We read with interest the study by Dr Edwards and colleagues. We are not surprised that their investigation of the predictive power for severe sepsis of various modified obstetric early warning scoring systems (MOEWS) confirms the limitations of MOEWS in a ward setting. MOEWS are not designed to predict severe sepsis. They are intended to help detect the early signs of illness and trigger timely medical review with appropriate intervention. It could be that many of those in the Edwards et al cohort of women with chorioamnionitis who triggered the various MOEWS, but did not develop severe sepsis, avoided clinical deterioration because appropriate antimicrobial treatment and fluid resuscitation were instigated early in their clinical course. The absence of case-notes review to determine, for example, the interval from initial vital sign abnormalities to antibiotic administration, is a significant study design limitation that Dr Edwards and her co-authors could not address. It is apparent that the completeness of vital sign recordings for inpatients has often been suboptimal. Indeed, Dr Edwards and her co-authors have highlighted this by their exclusion of 549 of the 913 women in their database due to incomplete vital sign data.
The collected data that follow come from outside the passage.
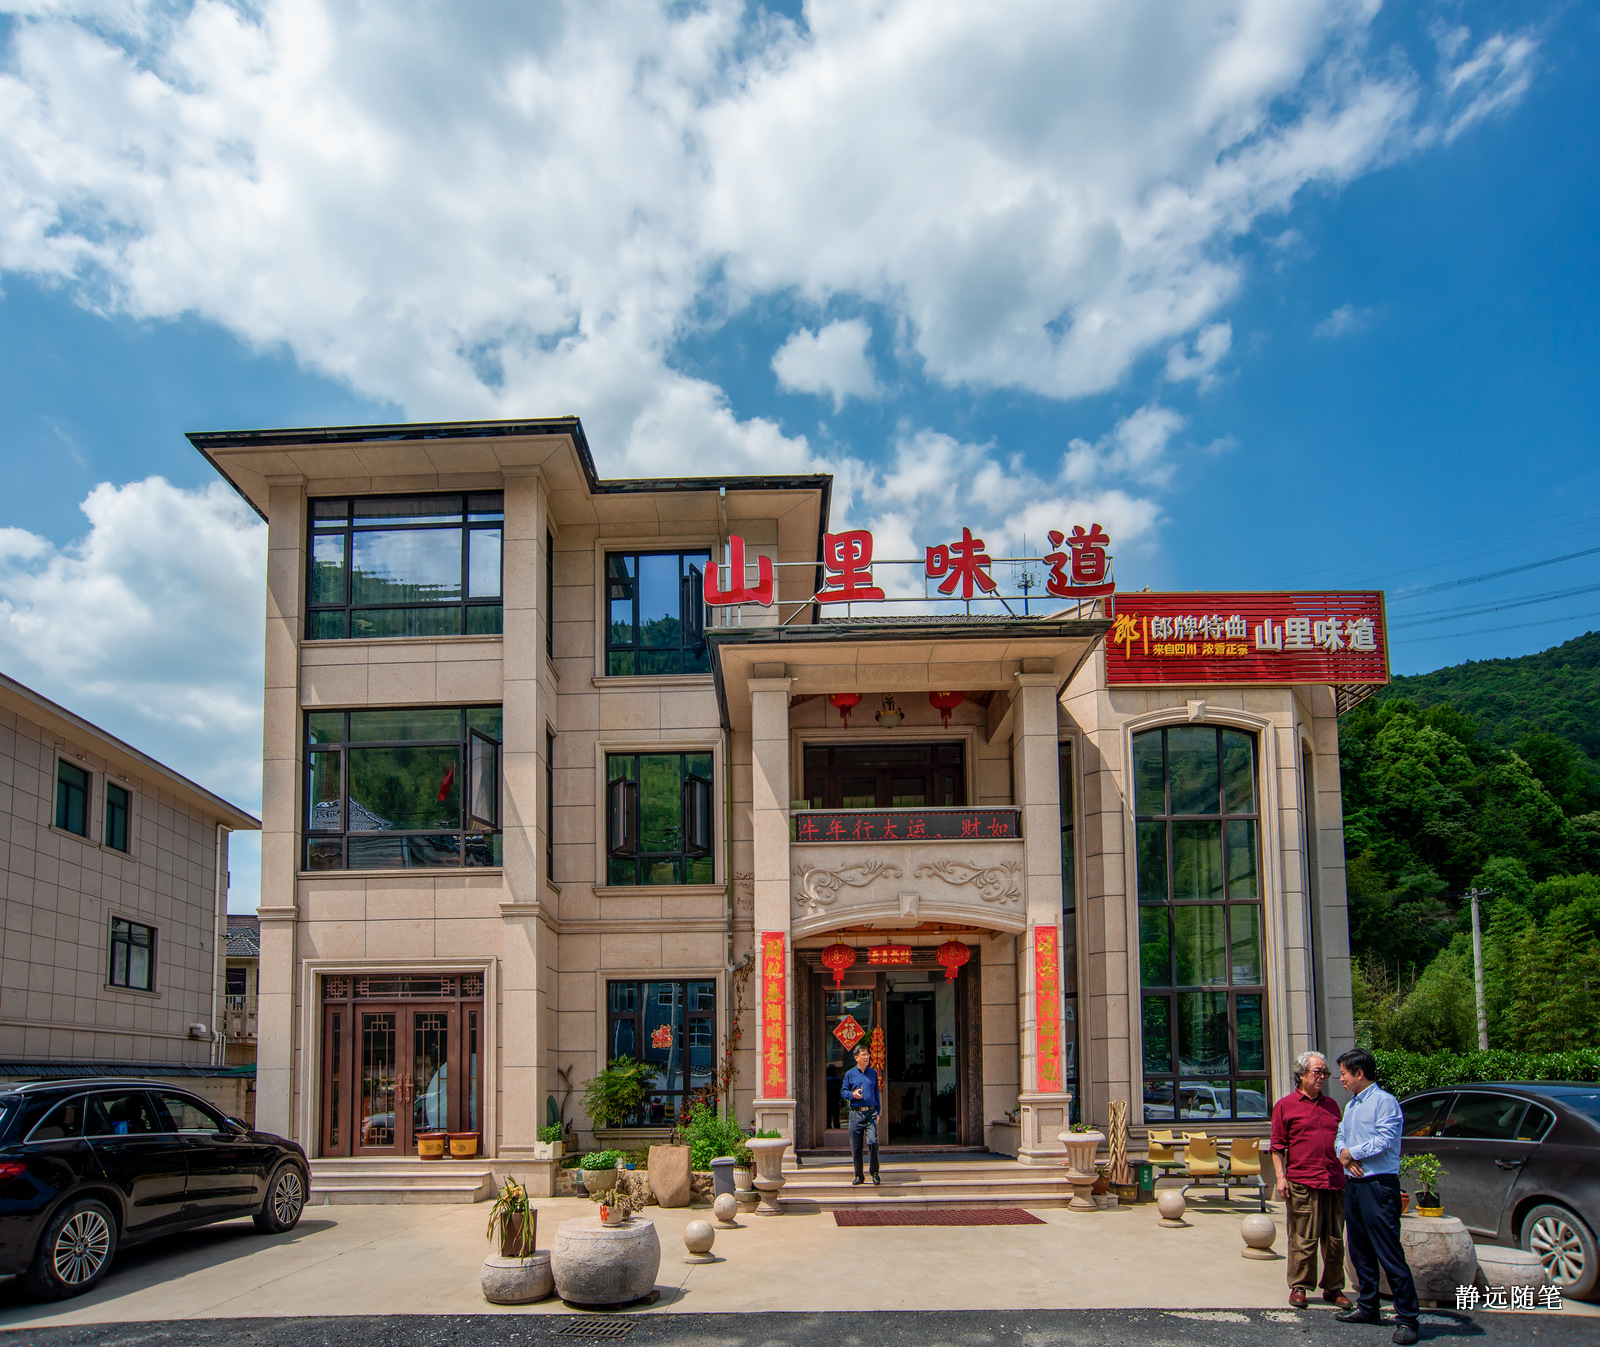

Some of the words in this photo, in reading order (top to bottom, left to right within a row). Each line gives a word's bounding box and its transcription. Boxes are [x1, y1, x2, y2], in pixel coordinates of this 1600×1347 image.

[703, 523, 1115, 608] 山里味道
[1112, 613, 1141, 660] 郎
[1151, 614, 1247, 640] 郎牌特曲
[1255, 617, 1377, 652] 山里味道
[1152, 643, 1197, 657] 来自四川
[1201, 642, 1248, 657] 浓香正宗
[841, 1022, 857, 1040] 福
In 2013, Ireland was the first country to implement nationally a standardized MOEWS for all pregnant and postnatal inpatients. A customized obstetric sepsis screening tool has been included since July 2014. The Irish Maternity Early Warning System was not among the 6 sample MOEWS selected for analysis from the global literature search of Edwards et al. Recent work has shown an improvement in the completeness of vital sign recordings since the Irish Maternity Early Warning System was introduced compared to the years before its development. Herein lies, in our view, the most significant potential benefit of MOEWS—improved recording of vital signs. MOEWS augment, but do not replace, clinical judgement and there will always be instances when, regardless of the validation or not of MOEWS, women with vital signs values defined as normal by the trigger thresholds require clinical assessment due to, for example, malodorous liquor or fetal tachycardia. We agree with Dr Edwards and her co-authors that further research should aim to validate MOEWS clinically and to optimize their sensitivity and specificity, thus enabling the efficient use of limited staff resources.